Theme 4: Student Research Offices / Research Clubs
Several medical schools have developed ‘Student research offices’ in order to facilitate participation in extracurricular research (37, 38). Tuncel et al discussed ‘Student research clubs’ in a Turkish Medical School (39).
Analysis of key results of intercalated degree options – outcomes and ‘novel’ intercalated degree theme
As previously discussed by Jones and Amgad in their systematic reviews (5, 11), the effect of doing an intercalated degree on medical student performance and careers was the most featured outcome measure.
Outcomes 1: Performance and careers (Kirkpatrick Results Criteria)
Eight of the included 26 papers had publication rates, academic performance or careers in academic/research posts as a proxy measurement of the success of their respective intercalated degree programmes.
Outcome 2: Student perspective on doing intercalated degrees ((Kirkpatrick Reaction Criteria)
Five of the included 26 papers discussed the student perspective on doing intercalated degrees. The top two motivations for planning to doing intercalated degrees in Agha et al’s study of 358 second year medical students in London were career prospects and ‘a chance to gain publication’(40). Park et al found in their study in New Zealand of graduates who had completed an intercalated BSc from 1972-2005, that an interest in a career in research and academic medicine was the most commonly cited reason for undertaking an intercalated degree (41). Stubbs et al in their two centre cross sectional study in Bristol and Sheffield Medical Schools found that the participating students clearly valued the intercalated degrees and felt they gained a substantial advantage over their peers as well as skills helpful for their future careers (42).
Negative student perspectives on intercalated degrees included Agha et al’s findings that those who didn’t opt to intercalate cited financial (72%) and time costs (44%) and lack of interest in doing research (48%) as the main reasons given (40). Nicholson et al reported in their study in Aberdeen that the most common reason students opted not to intercalate was because they did not want to have another year of study (69.6%) or incur more debt (51.9%)(43).
80% of respondents in the Park et al New Zealand study encountered some problems during the intercalated year, with the most common reported being loss of contact with friends in the medical course (41). There was a small number involved in this study (30 / 50 responded)

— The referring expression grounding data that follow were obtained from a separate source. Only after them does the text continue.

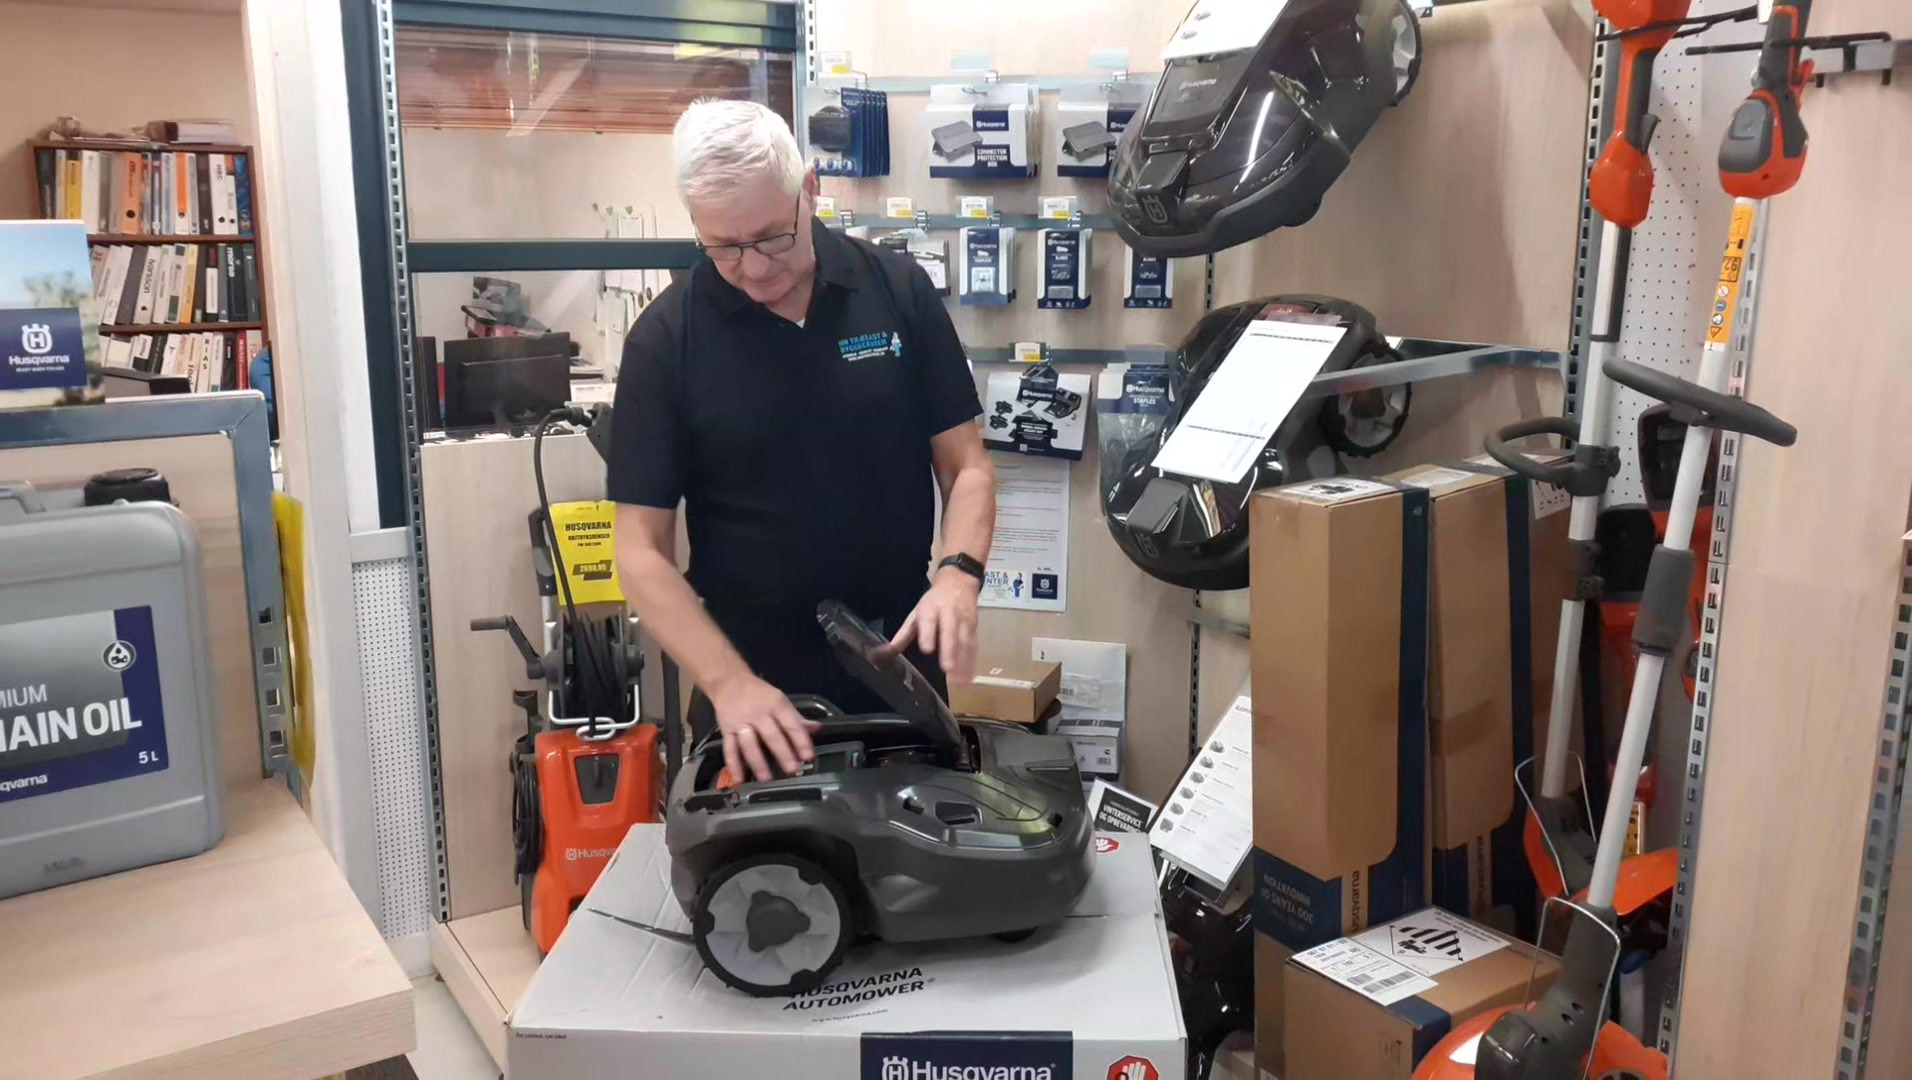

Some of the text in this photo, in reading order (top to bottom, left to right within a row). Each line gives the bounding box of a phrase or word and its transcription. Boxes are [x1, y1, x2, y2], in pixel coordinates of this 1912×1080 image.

[143, 258, 155, 294] Ivarsson
[9, 355, 70, 365] Husqvarna
[1133, 397, 1157, 405] STAPLES
[565, 521, 612, 531] HUSQVARNA
[83, 697, 143, 736] OIL
[139, 751, 159, 764] 5 L
[1103, 804, 1143, 827] VINTERSERVICE
[1263, 873, 1311, 908] INNOVATION
[792, 967, 923, 999] HUSQVARNA
[912, 1061, 1051, 1080] Husqvarna

Theme: More ‘novel’ intercalated degrees than traditional intercalated BSc
An intercalated BSc (44, 45) and Masters (46) in primary care were discussed. Jones et al felt that intercalated degrees could be aimed at a broader group of students than those wanting teaching hospital consultant posts or laboratory based science careers. Elwood et al discussed the community health option of a mandatory BSc in Nottingham as an alternative to the more traditional BSc (47). Muir et al described a medical education intercalated BMSc in Dundee in which students enhanced their learning through collaboration and opportunities gaining a better appreciation of the roles and responsibilities of staff roles and academic clinicians (48). Pearson et al described an intercalated BSc which involved students doing field research in foreign, lower income countries (49). Stellman et al discussed a one-year Masters of Public Health that students took between their third and fourth years in New York (50). Menger et al discussed an intercalated MB / PhD programme in Germany in which students perform a PhD thesis on a surgery-related research topic in their 6th year as a culmination of a research program from the third year (51). The aim of this programme is to increase the number of surgeon scientists.